Jornalista é atacada e censurada por intelectuais sionistas

Entrevista com a jornalista Lucia Helena Issa, realizada no JTT – A Manhã com Dignidade

Lucia Helena Issa. Foto: Arquivo pessoal

A jornalista Lucia Helena Issa foi ameaçada e atacada após a sua participação numa entrevista para a TV 247 sobre o tráfico de meninas polacas judias por um grupo judaico no século 19. Foram cerca de cinco mil mulheres trazidas ao Rio de Janeiro e prostituídas. Lucia Helena pesquisou sobre crimes comprovados e de máfias israelenses de ontem e hoje e jamais afirmou na entrevista que todos os judeus fossem criminosos. As acusações partiram do professor e assessor do Instituto Brasil Israel Michel Gherman e da acadêmica Beatriz Kushnir, que reuniram grupos sionistas e judaicos e escreveram uma carta acusando Lucia de antissemitismo, racismo e de negar o Holocausto. A repercussão da carta gerou ameaças de estupro e a censura da entrevista por parte de um sítio que se reivindica de esquerda.

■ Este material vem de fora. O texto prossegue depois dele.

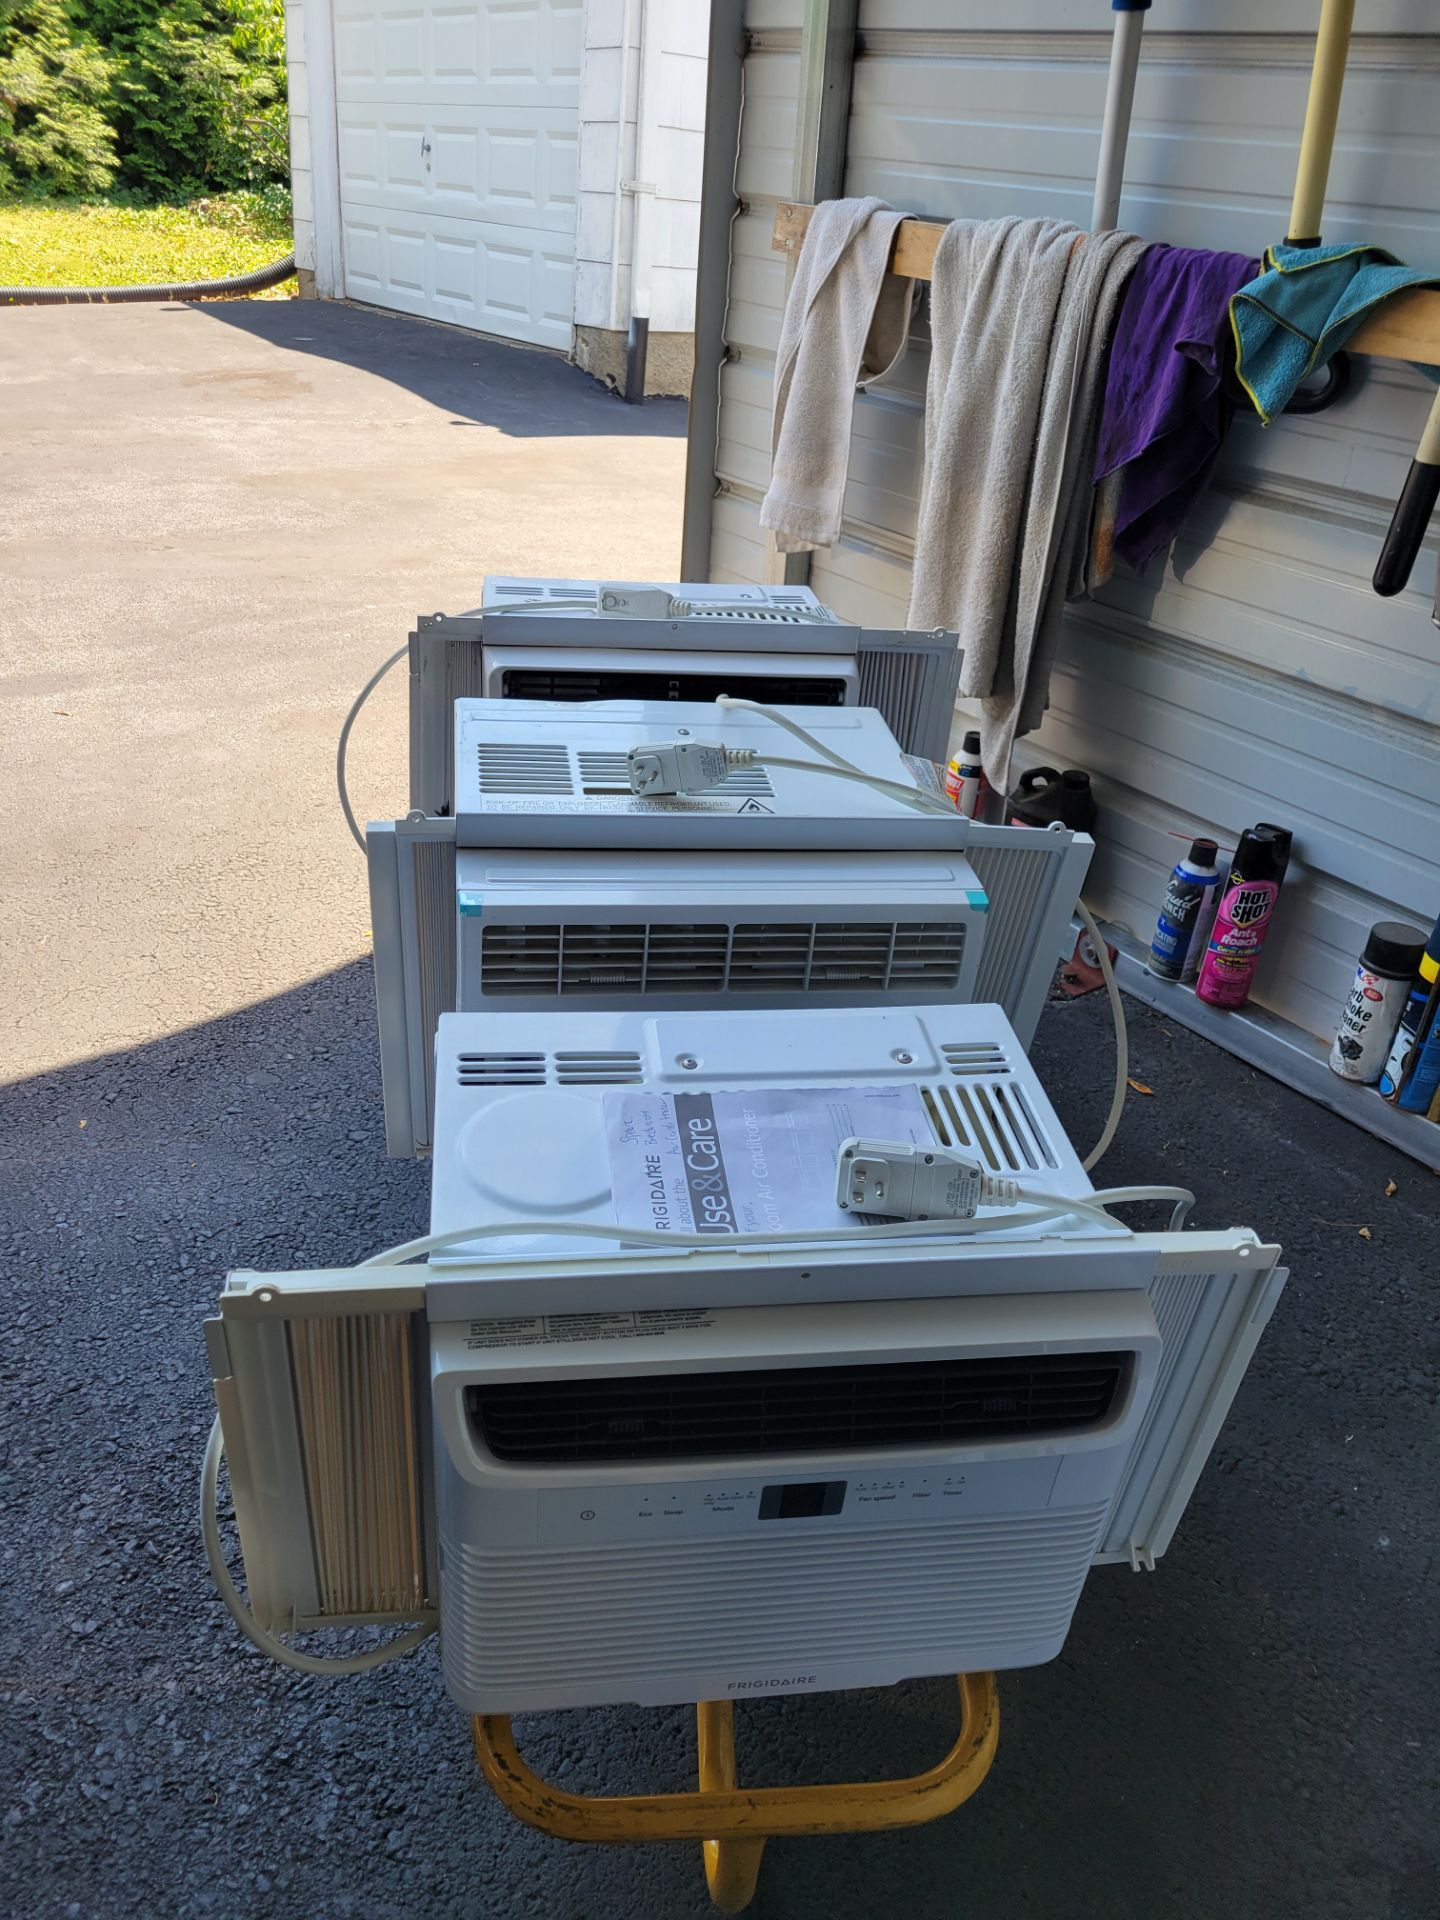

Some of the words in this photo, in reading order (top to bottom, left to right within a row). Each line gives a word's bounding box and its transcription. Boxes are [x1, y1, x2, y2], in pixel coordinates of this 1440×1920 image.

[1239, 888, 1272, 905] HOT
[1231, 902, 1272, 924] SHOT
[1221, 935, 1258, 946] Roach
[1350, 986, 1364, 1003] arb
[687, 1118, 720, 1171] Care
[742, 1107, 769, 1178] Conditioner
[645, 1154, 671, 1230] RIGIDAIRE
[672, 1178, 686, 1196] the
[691, 1172, 724, 1192] &
[756, 1182, 775, 1200] Air
[676, 1196, 692, 1225] about
[700, 1195, 734, 1234] Use
[763, 1203, 782, 1232] oom
[728, 1675, 816, 1690] FRIGIDAIRE
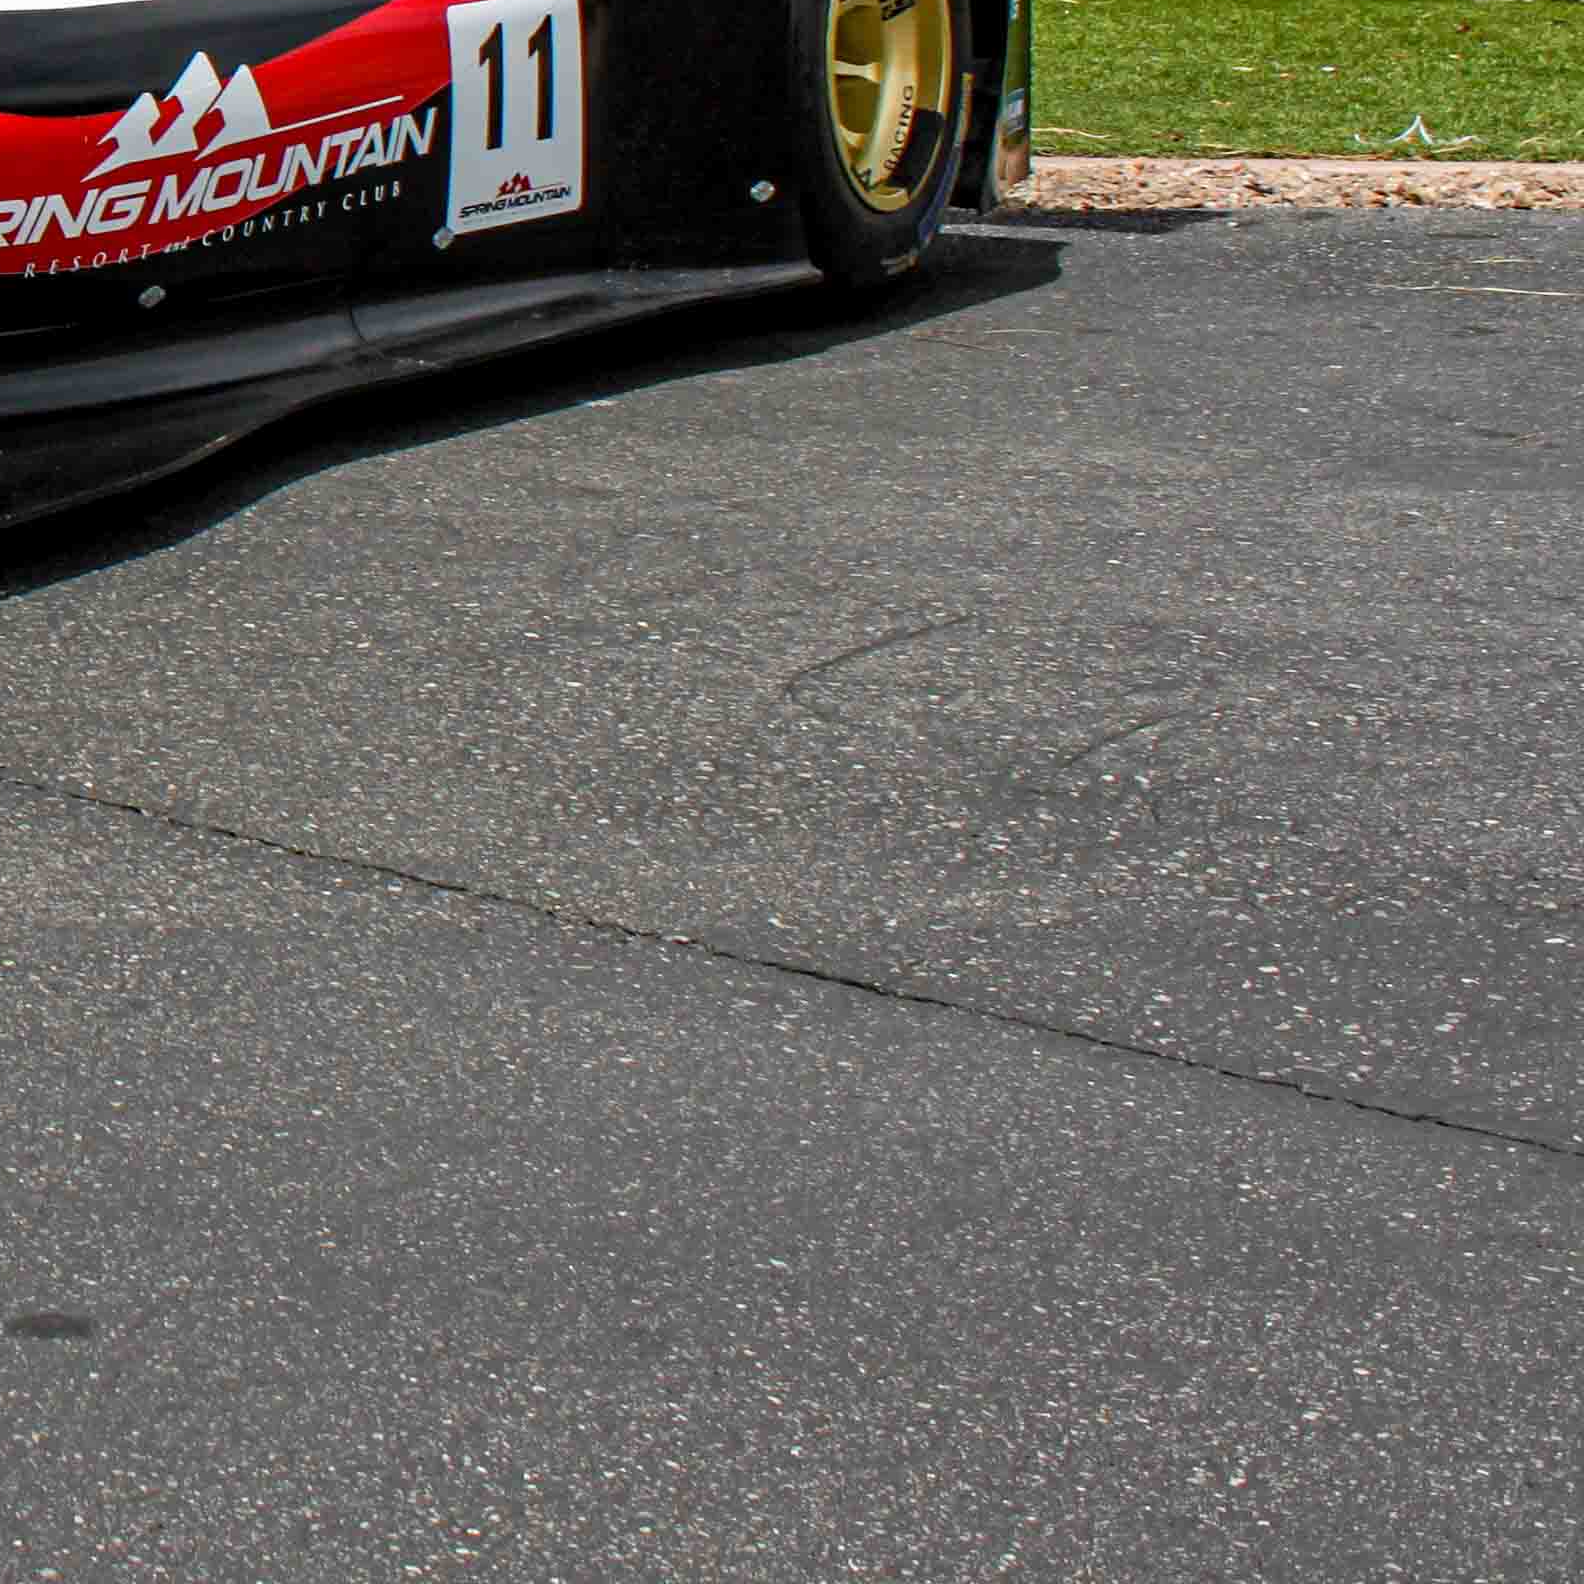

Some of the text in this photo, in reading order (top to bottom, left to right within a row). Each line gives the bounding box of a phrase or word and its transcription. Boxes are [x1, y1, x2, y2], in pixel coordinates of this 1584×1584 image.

[478, 13, 554, 151] 11
[882, 84, 915, 171] RACING
[147, 106, 438, 226] MOUNTAIN
[457, 198, 507, 219] SPRING
[505, 184, 573, 210] MOUNTAIN
[23, 242, 152, 280] RESORT
[162, 235, 194, 254] and
[201, 199, 329, 248] COUNTRY
[342, 179, 401, 211] CLUB
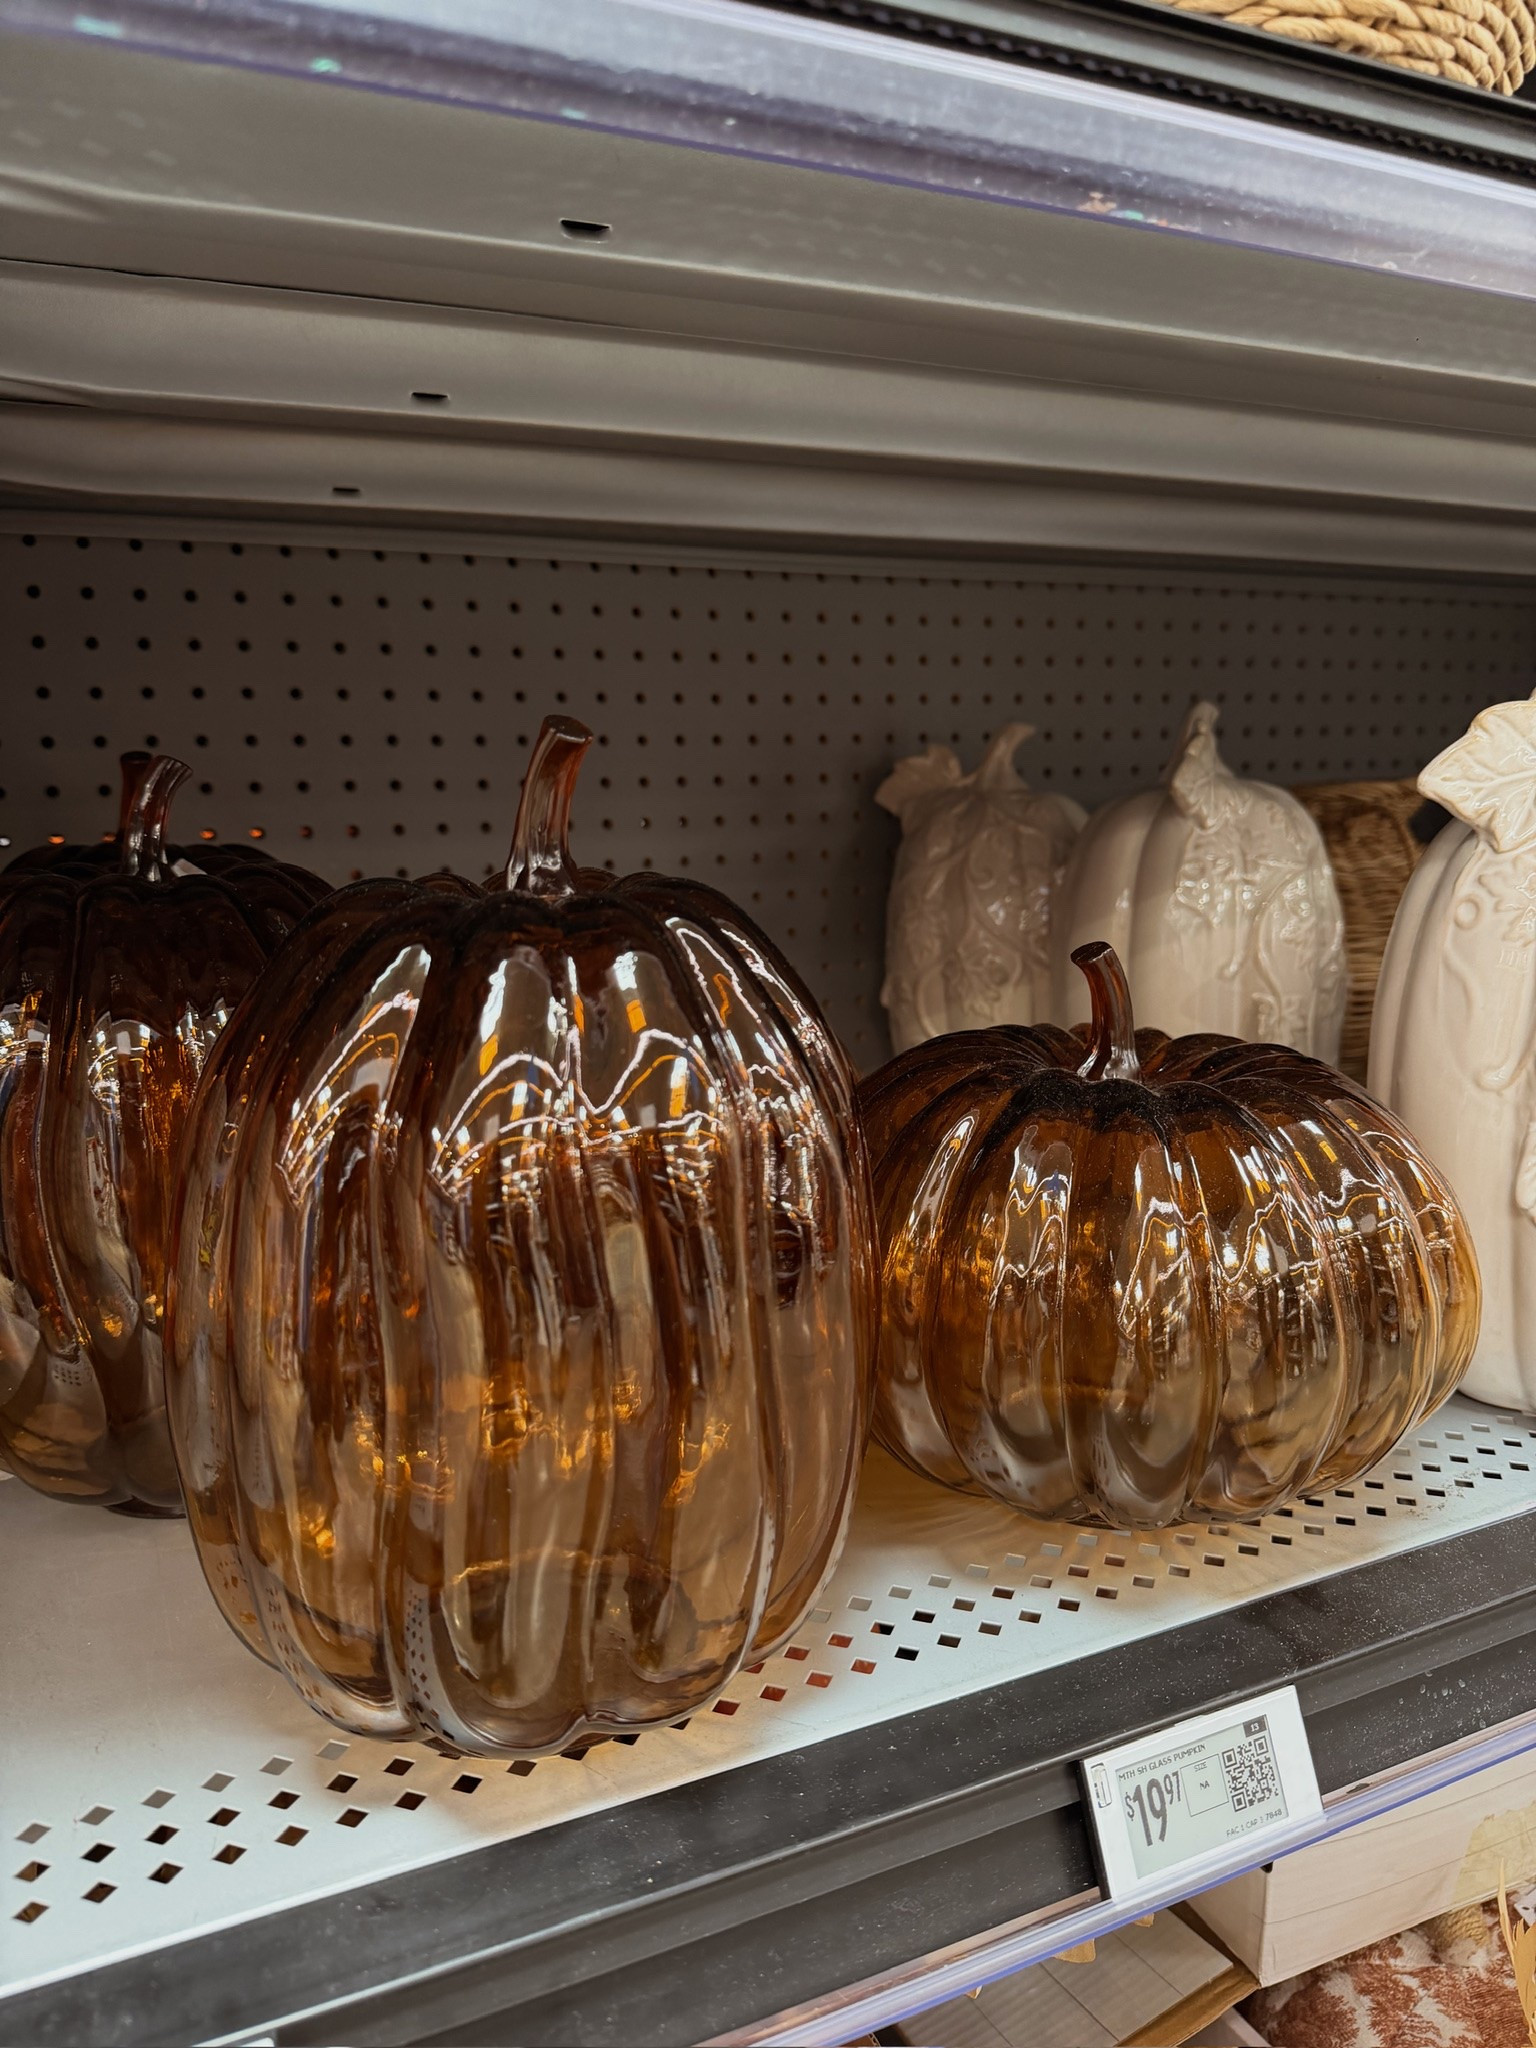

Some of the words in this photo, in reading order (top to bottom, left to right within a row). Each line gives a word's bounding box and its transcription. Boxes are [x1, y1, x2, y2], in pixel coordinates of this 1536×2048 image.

Segundo Lucia, a confusão entre judaísmo e sionismo é o motor deste ódio. O sionismo é um posicionamento político nascido em 1897 com Theodor Herzl. Hoje a principal característica do sionismo como movimento político é o apartheid. Também censura os jornalistas que tentam denunciá-lo.

A entrevista na TV 247 foi retirada do ar e o grupo que a atacou participou numa “live” de uma hora onde os ataques a Lucia continuaram e disseram que a jornalista falara apenas “invenções” e “conspiracionismo” sobre Israel. Mas a INTERPOL, ONU, OIT e milhares de provas, depoimentos e confissões de mafiosos provam o contrário. Por exemplo, mafiosos israelenses foram presos pelo assassinato da brasileira Kelly Fernanda Martins.